Neuroanatomy of affective disorders

The prefrontal cortex is the anterior part of the frontal lobes of the cerebral cortex. It is conditionally subdivided into dorsal areas responsible for cognitive functions (memory, attention, speech) and ventral areas that regulate decision making, response to external stimuli, social behavior, individuality ( Matsuo K. et al ., 2007; Prado J. with et al ., 2007).

Hypofunction of the dorsal regions, due to which there is a cognitive deficit and hyperfunction of the ventral prefrontal regions, leads to depression. Treatment with antidepressants evens out this imbalance.

Affective disorders are associated with the activity of two large parts of the ventral region – the ventromedial prefrontal cortex and the amygdala, which belong to the limbic system. They are closely related to each other.

Genetic predisposition to post-stress disorders and depression indicates that these two areas are combined into one functional apparatus ( Pezawas L. et al . 2005).

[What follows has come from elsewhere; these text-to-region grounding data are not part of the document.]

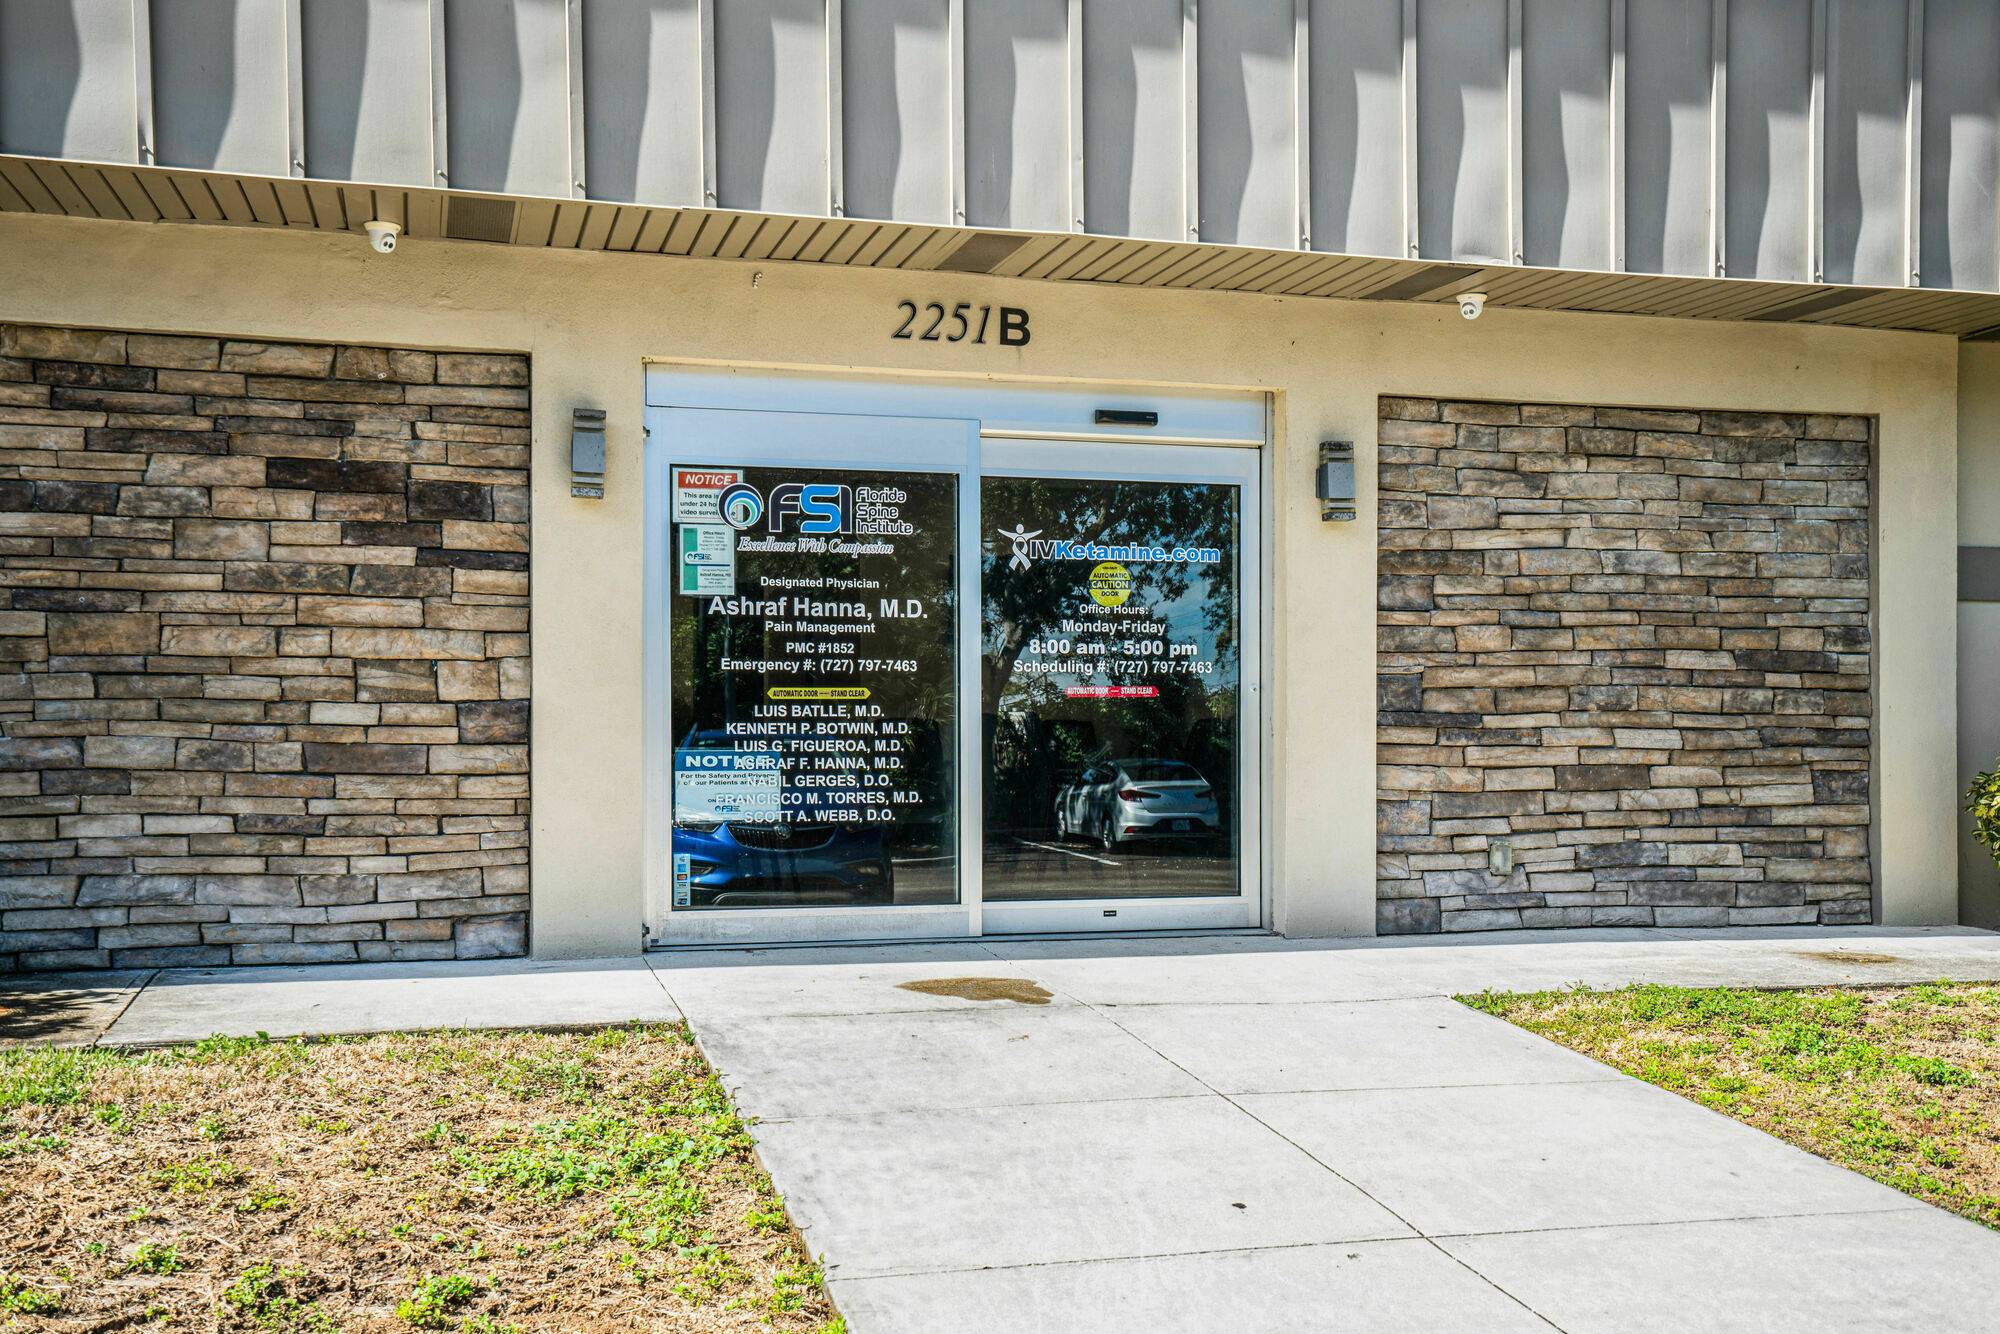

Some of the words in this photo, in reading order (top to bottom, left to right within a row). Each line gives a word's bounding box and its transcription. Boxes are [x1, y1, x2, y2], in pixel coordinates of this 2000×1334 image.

[685, 474, 732, 485] NOTICE
[856, 486, 907, 504] Florida
[769, 483, 852, 534] FSI
[856, 503, 899, 519] Spine
[856, 519, 914, 535] Institute
[737, 536, 797, 553] Excellence
[797, 538, 827, 553] With
[828, 541, 895, 558] Compassion
[1029, 540, 1221, 563] IVKetamine.com
[760, 576, 824, 590] Designated
[826, 578, 880, 590] Physician
[1091, 581, 1129, 589] CAUTION
[708, 595, 787, 616] Ashraf
[794, 597, 872, 620] Hanna,
[880, 599, 928, 619] M.D.
[1079, 604, 1112, 615] Office
[1114, 604, 1149, 615] Hours:
[764, 621, 794, 632] Pain
[796, 621, 876, 636] Management
[1062, 620, 1166, 636] Monday-Friday
[786, 642, 815, 653] PMC
[818, 643, 855, 654] #1852
[1029, 640, 1070, 654] 8:00
[1076, 643, 1105, 655] am
[1123, 640, 1165, 655] 5:00
[1169, 643, 1198, 658] pm
[721, 658, 800, 674] Emergency
[803, 660, 816, 671] #:
[820, 659, 854, 674] (727)
[858, 660, 918, 672] 797-7463
[1013, 660, 1093, 676] Scheduling
[1096, 661, 1109, 673] #:
[1114, 660, 1148, 676] (727)
[1152, 661, 1213, 674] 797-7463
[754, 705, 787, 717] LUIS
[791, 705, 851, 720] BATLLE,
[855, 705, 884, 717] M.D.
[726, 722, 796, 735] KENNETH
[801, 722, 813, 734] P.
[816, 722, 878, 737] BOTWIN,
[882, 722, 912, 734] M.D.
[734, 740, 768, 752] LUIS
[772, 740, 787, 752] G.
[791, 740, 870, 753] FIGUEROA,
[874, 739, 904, 752] M.D.
[734, 757, 795, 770] ASHRAF
[799, 757, 811, 769] F.
[815, 757, 871, 771] HANNA,
[874, 756, 904, 769] M.D.
[747, 775, 791, 787] NABIL
[794, 775, 860, 788] GERGES,
[864, 774, 893, 786] D.O.
[716, 792, 802, 805] FRANCISCO
[806, 792, 822, 804] M.
[826, 792, 889, 806] TORRES,
[893, 791, 923, 804] M.D.
[743, 810, 793, 823] SCOTT
[797, 810, 812, 822] A.
[815, 810, 862, 824] WEBB,
[867, 809, 896, 822] D.O.

Affective processes depend on the functioning of the amygdala, therefore, if its function is disturbed, perception, expression of emotions, and experience suffer. The amygdala consists of more than twelve subnuclei . With the help of neuroimaging, it was possible to display this area only as a single system. The activity of each of the twelve subnuclei cannot be determined ( Adolphs R., 2003).

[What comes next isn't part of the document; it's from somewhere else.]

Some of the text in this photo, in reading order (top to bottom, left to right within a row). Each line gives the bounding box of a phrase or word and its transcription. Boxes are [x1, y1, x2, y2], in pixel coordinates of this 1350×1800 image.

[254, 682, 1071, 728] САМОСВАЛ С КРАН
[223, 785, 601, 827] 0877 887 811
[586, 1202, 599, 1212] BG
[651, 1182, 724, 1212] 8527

The manifestations of the functional activity of the amygdala have been studied. This is induction:

  • a well-founded fear;
  • feelings of fear;
  • learned helplessness;
  • destruction of the “mother-infant bond”.

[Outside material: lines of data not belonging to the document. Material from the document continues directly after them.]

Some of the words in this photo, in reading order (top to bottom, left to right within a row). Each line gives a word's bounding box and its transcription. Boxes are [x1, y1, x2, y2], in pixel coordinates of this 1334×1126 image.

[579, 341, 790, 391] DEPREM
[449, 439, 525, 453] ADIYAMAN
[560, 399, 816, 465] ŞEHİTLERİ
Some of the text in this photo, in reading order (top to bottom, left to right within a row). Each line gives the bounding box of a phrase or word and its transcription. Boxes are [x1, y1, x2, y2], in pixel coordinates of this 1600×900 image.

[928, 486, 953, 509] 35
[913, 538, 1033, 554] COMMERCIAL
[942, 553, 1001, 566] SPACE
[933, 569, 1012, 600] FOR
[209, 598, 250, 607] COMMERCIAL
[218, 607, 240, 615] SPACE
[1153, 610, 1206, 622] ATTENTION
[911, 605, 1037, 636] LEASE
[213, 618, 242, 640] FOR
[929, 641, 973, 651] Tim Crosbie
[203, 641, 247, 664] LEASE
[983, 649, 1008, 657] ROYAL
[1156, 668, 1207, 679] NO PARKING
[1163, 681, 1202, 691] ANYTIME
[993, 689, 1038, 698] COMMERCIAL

Disruption of the “maternal-infant connection” at an early age in a child contributes to a decrease in the expression of guanylate cyclase in the lateral and basal sub-nuclei of the amygdala ( Sabatini M., et Al ., 2007).

Disgusting ( aversive ) olfactory and auditory stimuli promote activation of the amygdala and associative-sensory cortex, altering regional blood flow by more than 10%. The degree of change in blood flow in the amygdala depends on the degree of aversive stimulus.

A detailed study of the ventral prefrontal cortex revealed that it consists of the ventromedial prefrontal cortex and the orbitofrontal cortex.

The ventromedial prefrontal cortex is functionally connected with the amygdala and covers the fields according to Brodmann : 24a, 10m, 10r, 10o, 32m, 14r, 14c, 13a, 13b, 11m, 1ai, 47 / 12s, 25.

It also interacts with the hypothalamus, which has a connection with the amygdala, but does not receive direct sensory impulses from it.

The hypothalamus receives processed sensory information from the anterior temporal regions of the brain.

The orbitoprefrontal cortex is associated with the sensory associative cortex.

The ventromedial prefrontal cortex performs the function of comparing information from sensory introreceptors located in the orbitofrontal cortex and separates volitional manifestations from natural reflex activity ( Aupperle R., Paulus M., 2010).